Hold-out cross-validator generator. In the hold-out, the data is split only once into a train set and a test set. Unlike in other cross-validation schemes, the hold-out consists of only one iteration.

Parameters
  • nb_samples (int, total number of samples) –

  • hold_out (int, number where the test starts) –

  • rand_seed (seed for the random number generator) –

Example

>>> ho = HoldOut(10, 7, rand_seed=None)
>>> len(ho)
1
>>> list(ho)
[([0, 1, 2, 3, 4, 5, 6], [7, 8, 9])]
>>> ho = HoldOut(10, 7, rand_seed=0)
>>> list(ho)
[([2, 8, 4, 9, 1, 6, 7], [3, 0, 5])]

constructor

Parameters
  • nb_samples (int) – total number of samples

  • hold_out (int) – index where the test starts

  • rand_seed (obj) – Seed for the random number generator.

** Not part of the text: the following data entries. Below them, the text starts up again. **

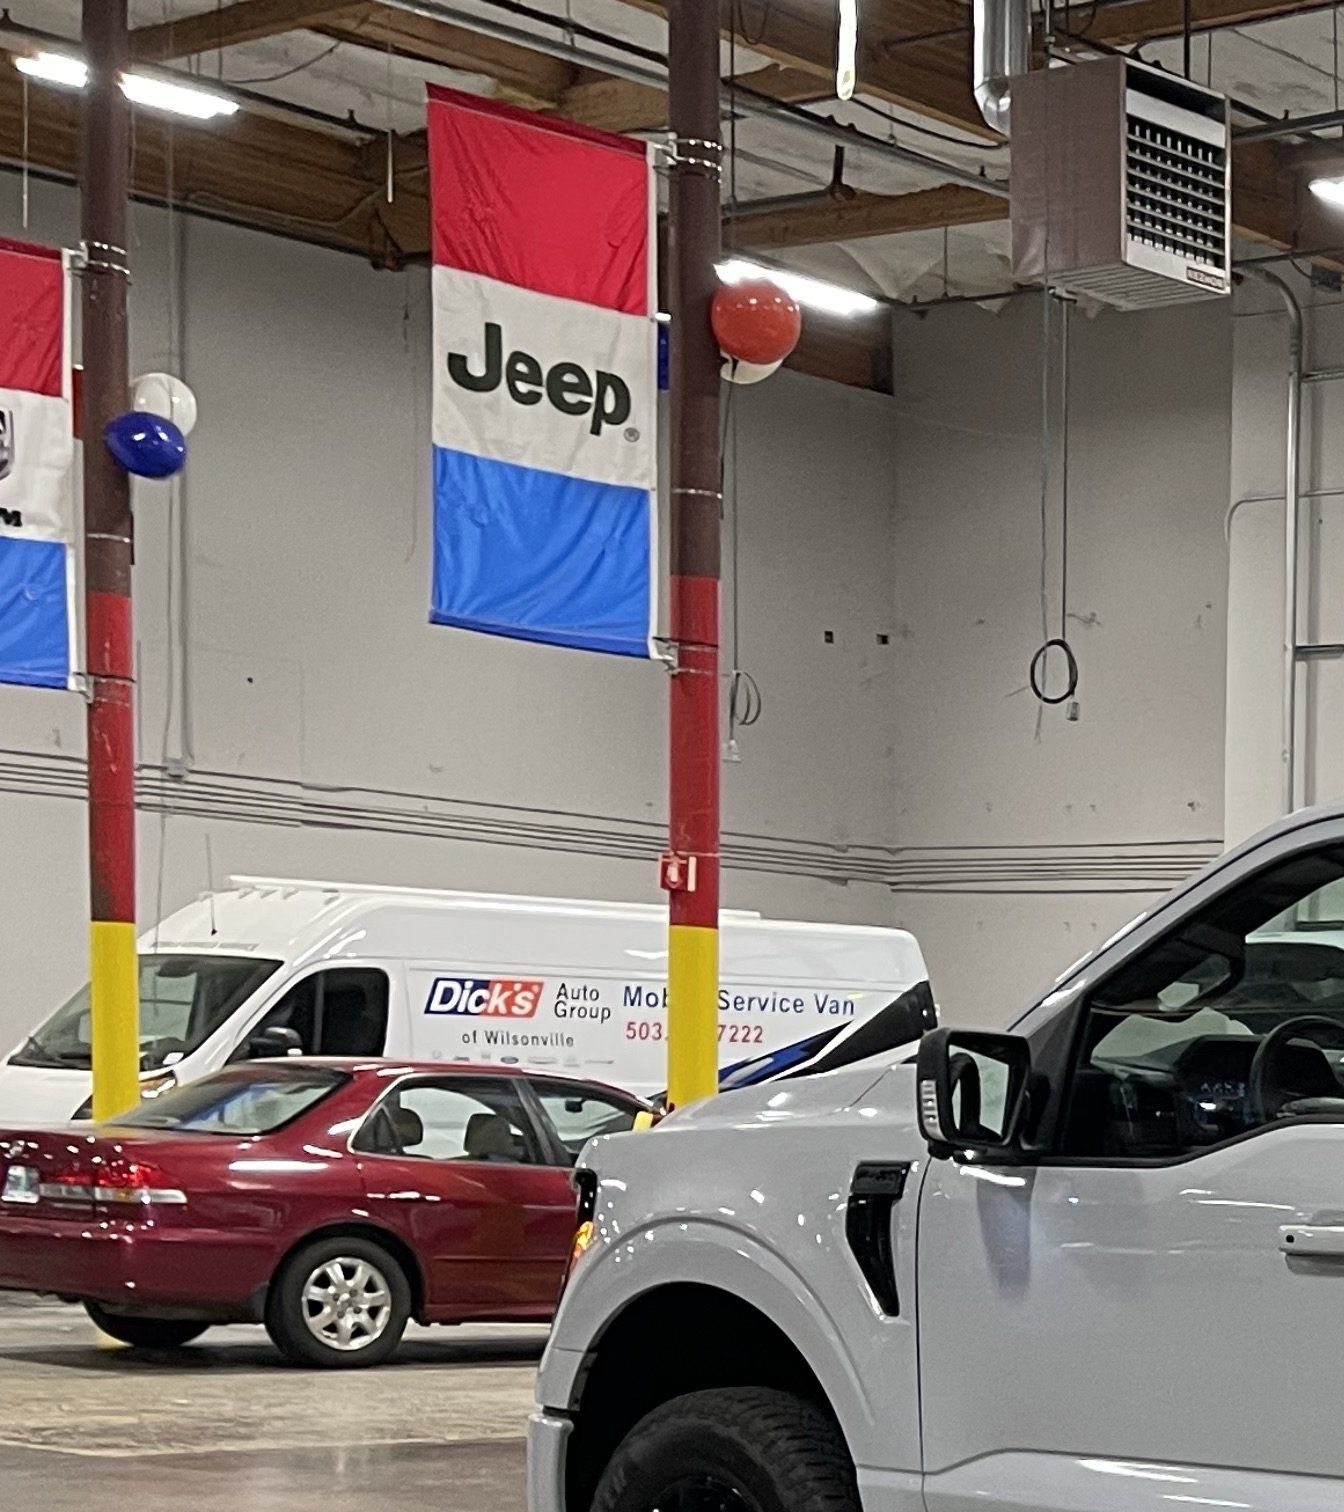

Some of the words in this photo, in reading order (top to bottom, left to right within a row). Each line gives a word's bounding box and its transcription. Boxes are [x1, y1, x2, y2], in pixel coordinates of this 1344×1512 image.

[447, 322, 631, 436] Jeep
[556, 983, 600, 1001] Auto
[554, 1001, 611, 1024] Group
[718, 989, 805, 1014] Service
[814, 993, 855, 1016] Van
[462, 1030, 477, 1044] of
[484, 1030, 574, 1047] Wilsonville

imsegm.classification.balance_dataset_by_(features, labels, balance_type='random', min_samples=None)[source]

balance number of training examples per class by several method

Parameters
  • features (ndarray) – features in dimension nb_samples x nb_features

  • labels (list(int)) – annotation for samples

  • balance_type (str) – type of balancing dataset

  • min_samples (int|None) – if None take the smallest class

Return tuple(ndarray,ndarray)

>>> np.random.seed(0)
>>> fts, lbs = balance_dataset_by_(np.random.random((25, 3)),
...                                np.random.randint(0, 2, 25))
>>> fts.shape
(24, 3)
>>> lbs
[0, 0, 0, 0, 0, 0, 0, 0, 0, 0, 0, 0, 1, 1, 1, 1, 1, 1, 1, 1, 1, 1, 1, 1]
imsegm.classification.compose_dict_label_features(features, labels)[source]

convert vector of features and related labels to a dictionary of features where key is the lables

Parameters
  • features (ndarray) – features in dimension nb_samples x nb_features

  • labels (list(int)) – annotation for samples

Return {int

ndarray}: {int: np.array<nb, nb_features>}

imsegm.classification.compute_classif_metrics(y_true, y_pred, metric_averages=('macro', 'weighted'))[source]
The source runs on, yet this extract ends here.